***** DATASET RECORDS *****

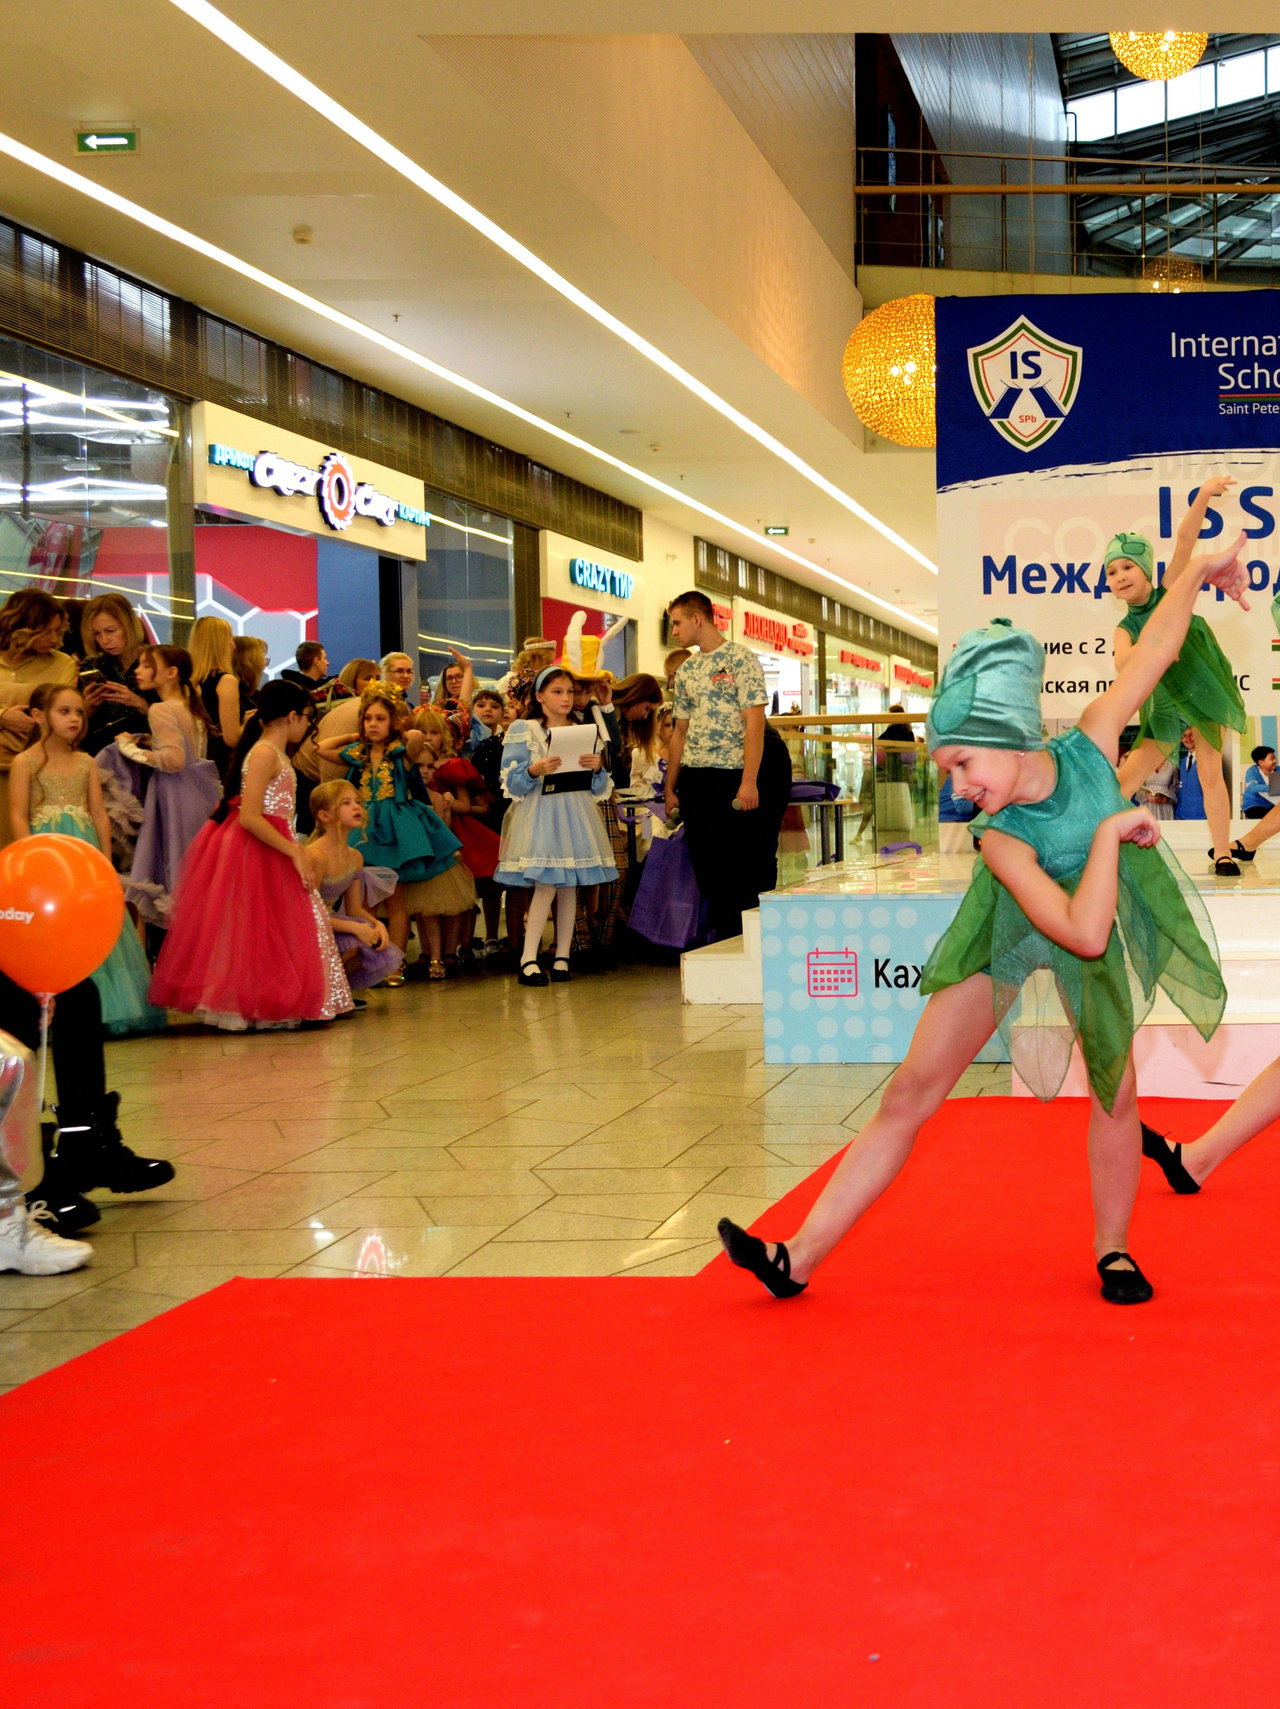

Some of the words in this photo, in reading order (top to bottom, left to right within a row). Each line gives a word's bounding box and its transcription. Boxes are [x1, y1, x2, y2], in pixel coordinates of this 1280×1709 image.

[1009, 350, 1042, 380] IS
[1018, 414, 1038, 424] SPb
[1218, 403, 1250, 416] Saint
[209, 444, 256, 472] ДРИФТ
[570, 557, 612, 595] CRAZY
[612, 572, 634, 600] ТИР
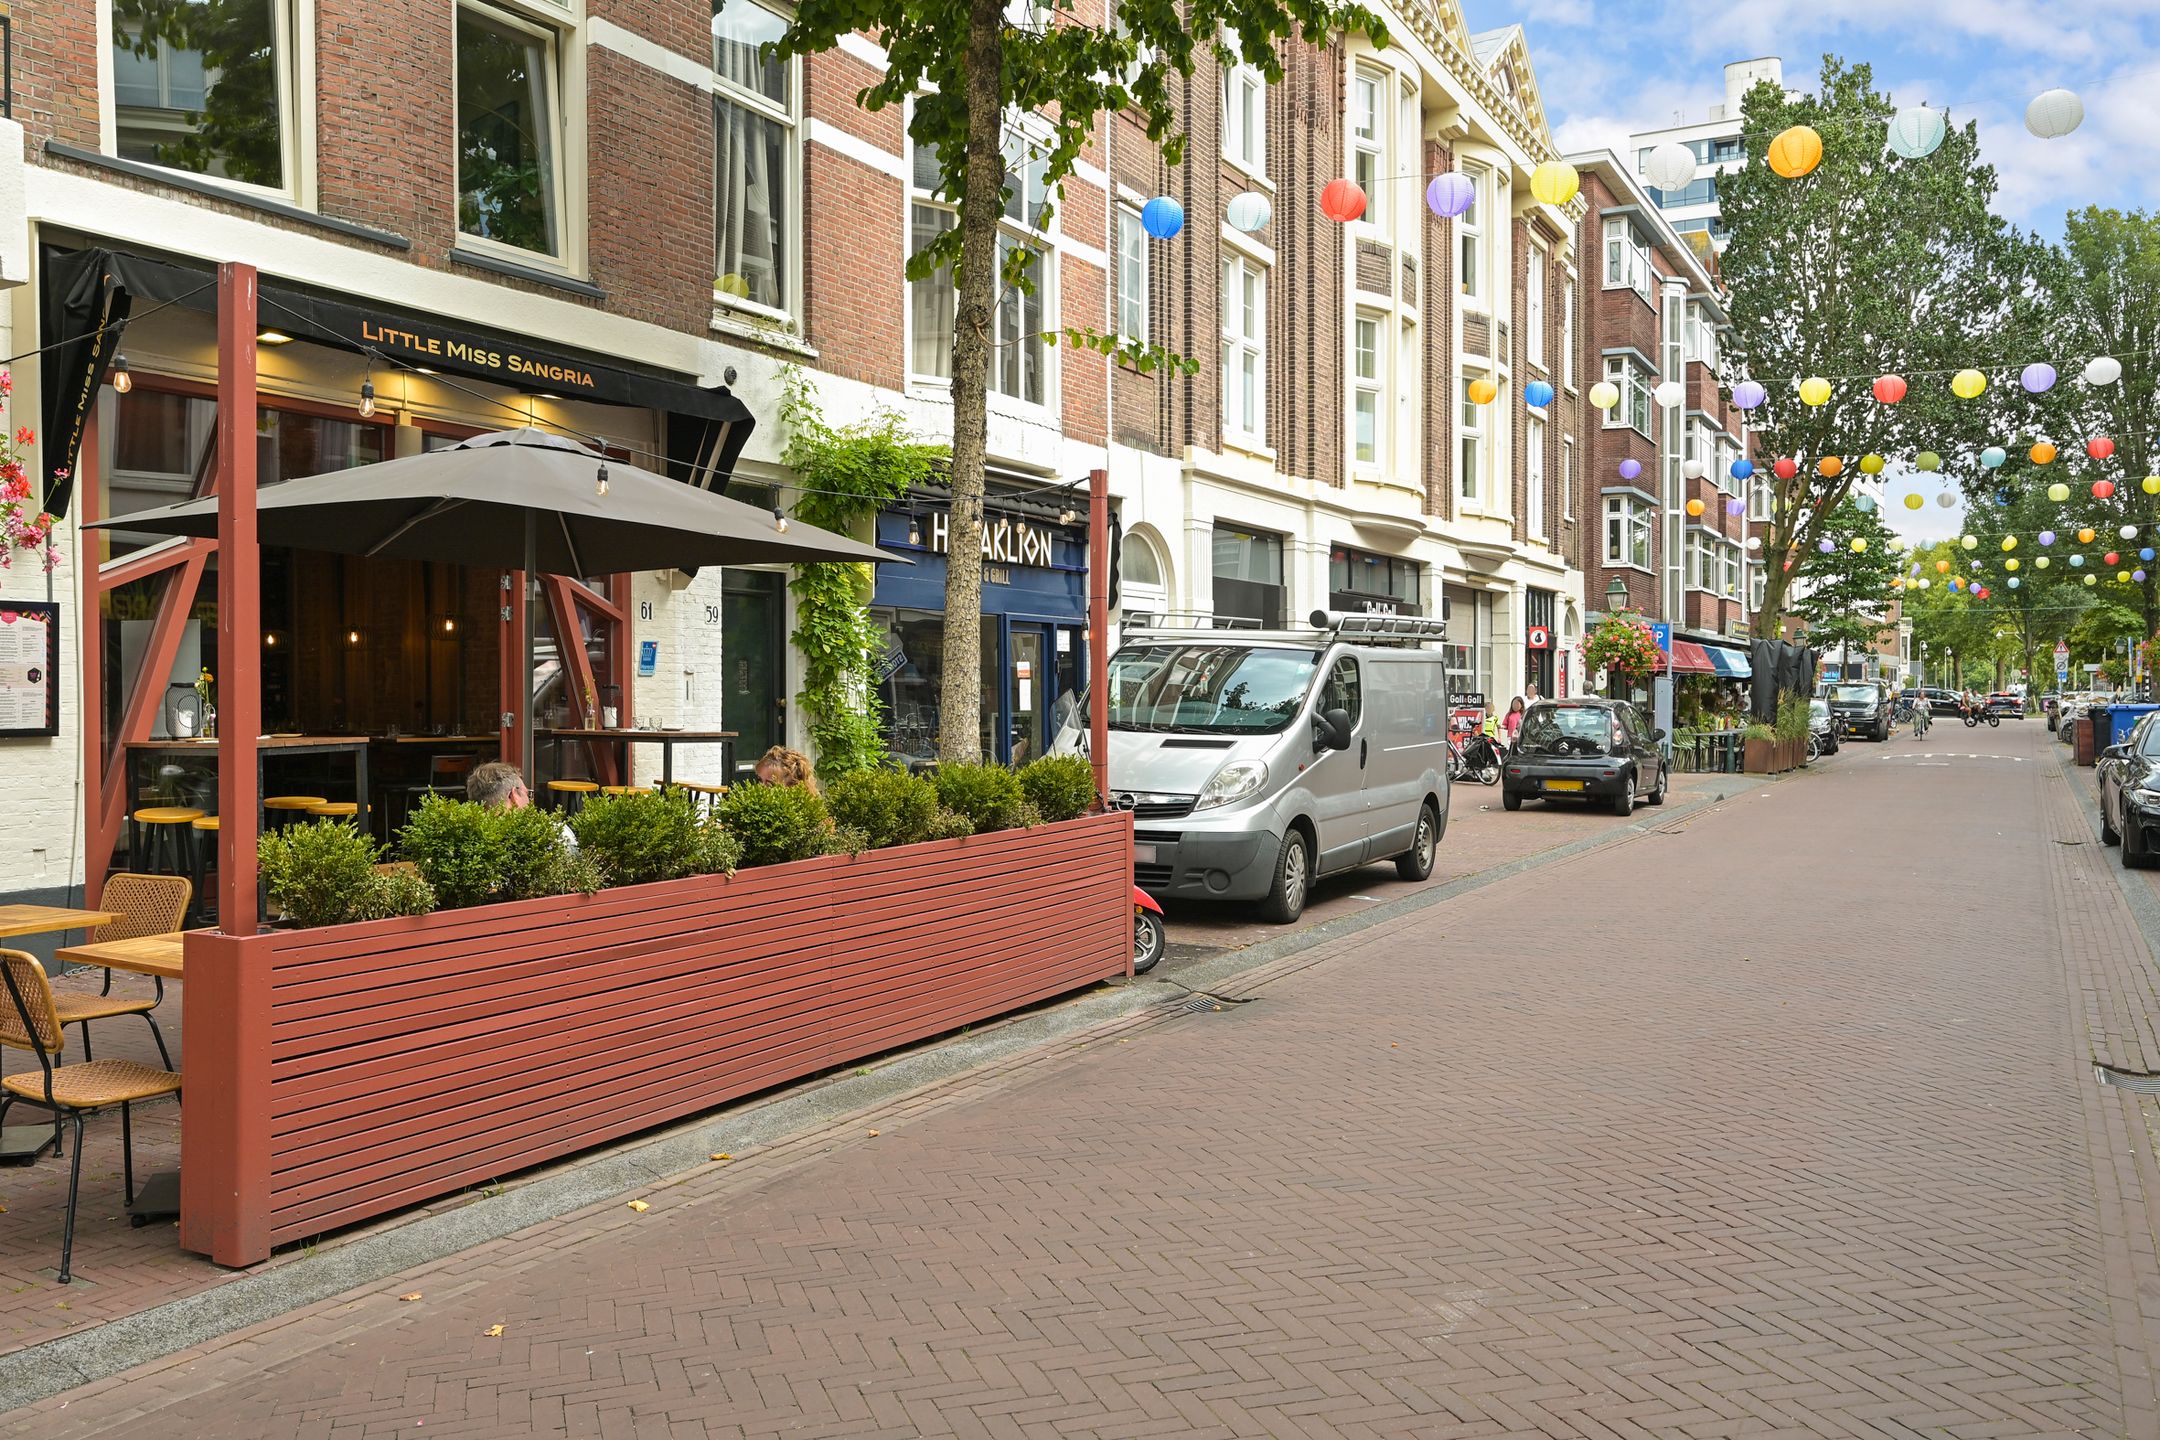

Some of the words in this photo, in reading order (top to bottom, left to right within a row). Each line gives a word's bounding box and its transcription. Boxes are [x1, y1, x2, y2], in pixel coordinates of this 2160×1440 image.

[362, 321, 441, 355] LITTLE
[447, 340, 501, 368] MISS
[507, 354, 595, 388] SANGRIA
[77, 362, 95, 411] MISS
[990, 568, 1011, 585] GRILL
[641, 601, 652, 620] 61
[706, 606, 719, 622] 59

*****

■ WHAT YOU SHOULD DO ■
Output the records above exactly; leave out the pictures.

■ ANSWER BELOW ■
Some of the words in this photo, in reading order (top to bottom, left to right within a row). Each line gives a word's bounding box and its transcription. Boxes are [x1, y1, x2, y2], in pixel coordinates of this 1280×1709 image.

[1009, 350, 1042, 380] IS
[1018, 414, 1038, 424] SPb
[1218, 403, 1250, 416] Saint
[209, 444, 256, 472] ДРИФТ
[570, 557, 612, 595] CRAZY
[612, 572, 634, 600] ТИР

Some of the words in this photo, in reading order (top to bottom, left to right within a row). Each line gives a word's bounding box and its transcription. Boxes are [x1, y1, x2, y2], in pixel coordinates of this 2160×1440 image.

[362, 321, 441, 355] LITTLE
[447, 340, 501, 368] MISS
[507, 354, 595, 388] SANGRIA
[77, 362, 95, 411] MISS
[990, 568, 1011, 585] GRILL
[641, 601, 652, 620] 61
[706, 606, 719, 622] 59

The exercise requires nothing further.